Overdrive suppression with a transvenous pacemaker is also avoided because of associated iatrogenic complications that have been seen in as many as 36% of patients.[47][48]

Patients with ventricular fibrillation or pulseless ventricular tachycardia require defibrillation along with immunotherapy.

Hemodynamic compromise management

In patients with signs of hemodynamic insufficiency and/or compromise (e.g., hypotension, altered consciousness), digoxin immune Fab is given as primary management. As a bridge to the administration of digoxin immune Fab, intravenous fluids and direct-acting vasopressors (e.g., phenylephrine, norepinephrine [noradrenaline]) are used. Cardiac contractility (inotropy) is typically preserved in patients with digoxin toxicity.

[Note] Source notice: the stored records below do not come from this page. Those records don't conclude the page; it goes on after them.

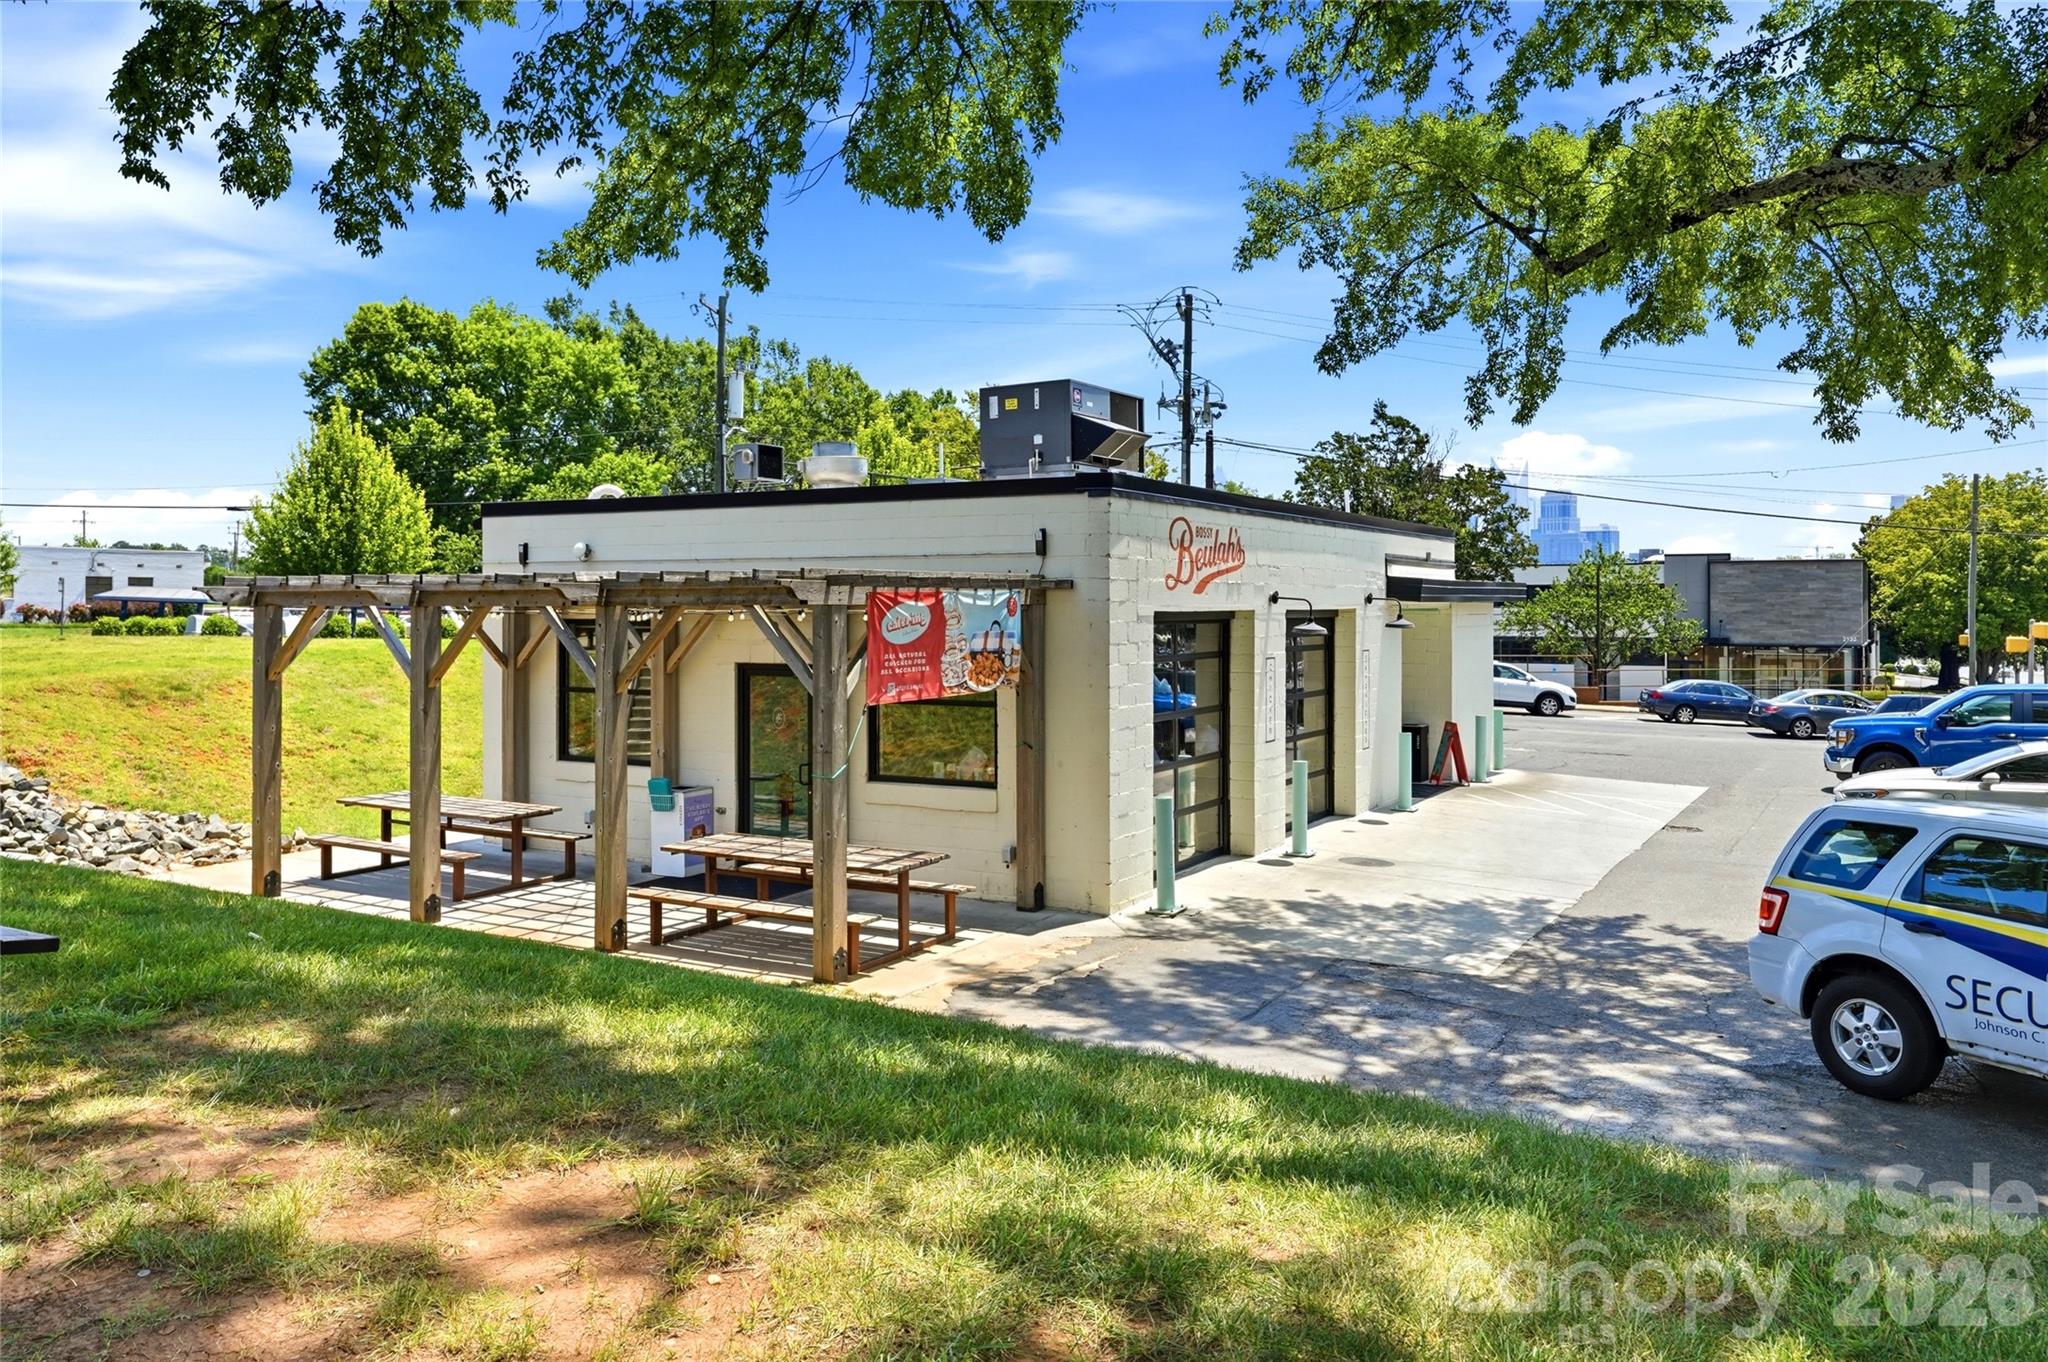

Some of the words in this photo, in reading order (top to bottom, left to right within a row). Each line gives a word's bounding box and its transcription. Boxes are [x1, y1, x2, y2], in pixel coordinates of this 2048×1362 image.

[1195, 526, 1214, 539] BOSSY
[1165, 516, 1246, 594] Beulah's
[1945, 974, 2048, 1029] SECU
[1974, 1017, 2028, 1039] Johnson
[2031, 1031, 2045, 1044] C.
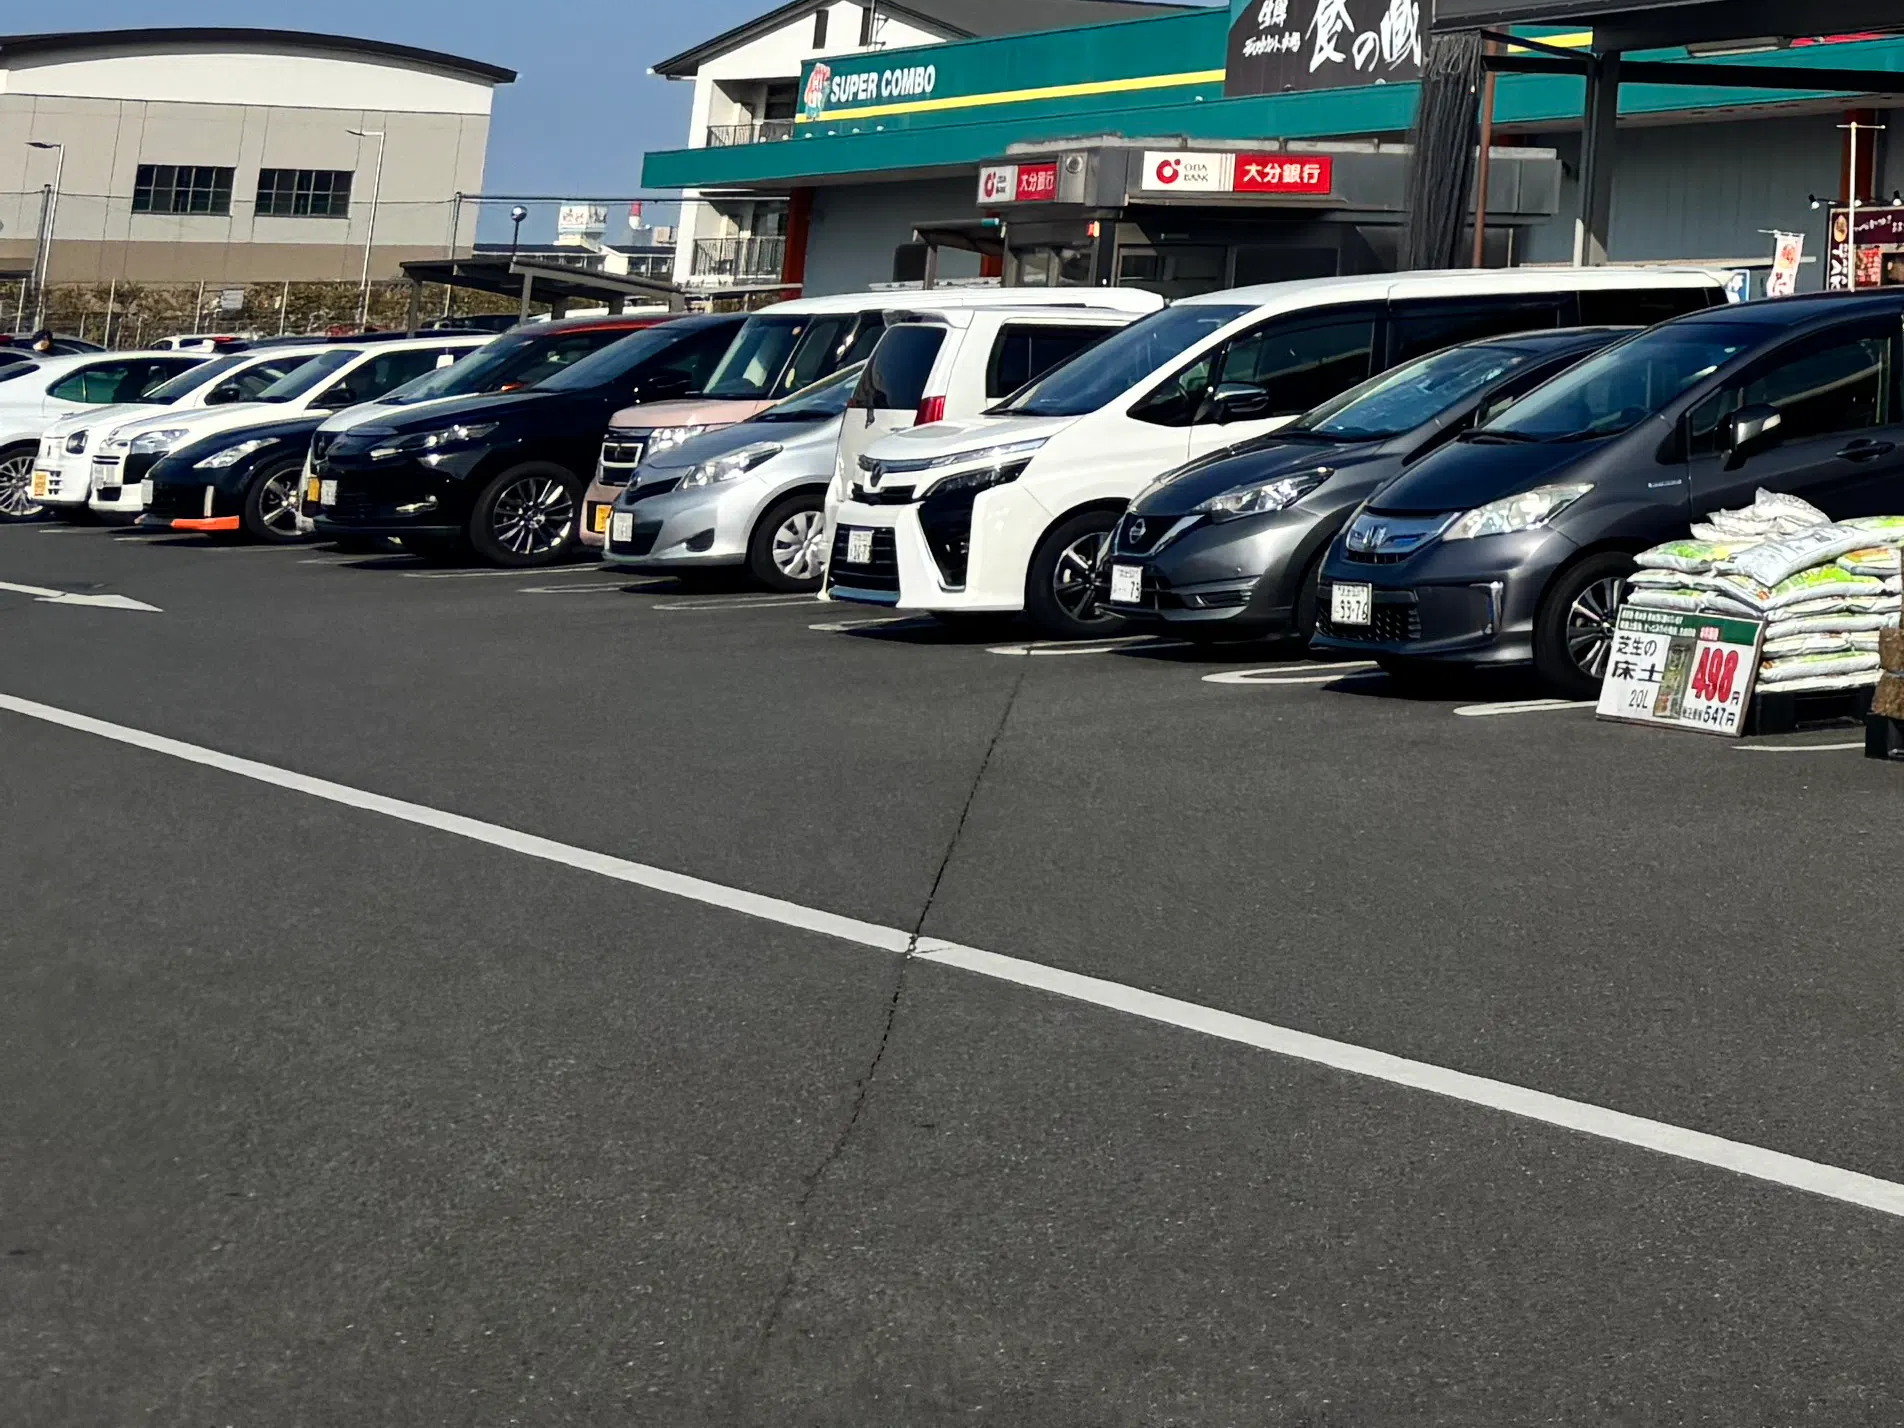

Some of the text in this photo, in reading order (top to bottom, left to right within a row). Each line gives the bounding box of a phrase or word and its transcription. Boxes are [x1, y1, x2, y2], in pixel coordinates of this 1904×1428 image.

[830, 72, 879, 102] SUPER
[881, 64, 936, 97] COMBO
[1243, 163, 1320, 183] 大分銀行
[1616, 635, 1658, 657] 芝生の
[1611, 660, 1664, 684] 床土
[1691, 646, 1739, 703] 498
[1628, 689, 1648, 709] 20L

If hypotension persists after administration of digoxin immune Fab, consider the possibility of mixed overdose, effects of other underlying drugs, or another cause, such as sepsis or cardiogenic shock.

Alternatively, a temporary pacing wire can be inserted in patients with evidence of significant bradycardia or AV block and hemodynamic compromise if the patient does not respond to digoxin immune Fab, or it is not readily available.

Ongoing monitoring and change of treatment

Ideally, digoxin is discontinued and a different drug for rate control or a different inotrope prescribed (for atrial fibrillation, atrial flutter, or heart failure, respectively). If the patient has to remain on digoxin for some clinical reason, then the dose of digoxin is adjusted for the patient's drug profile. Glomerular filtration rate and serum digoxin concentration is monitored regularly.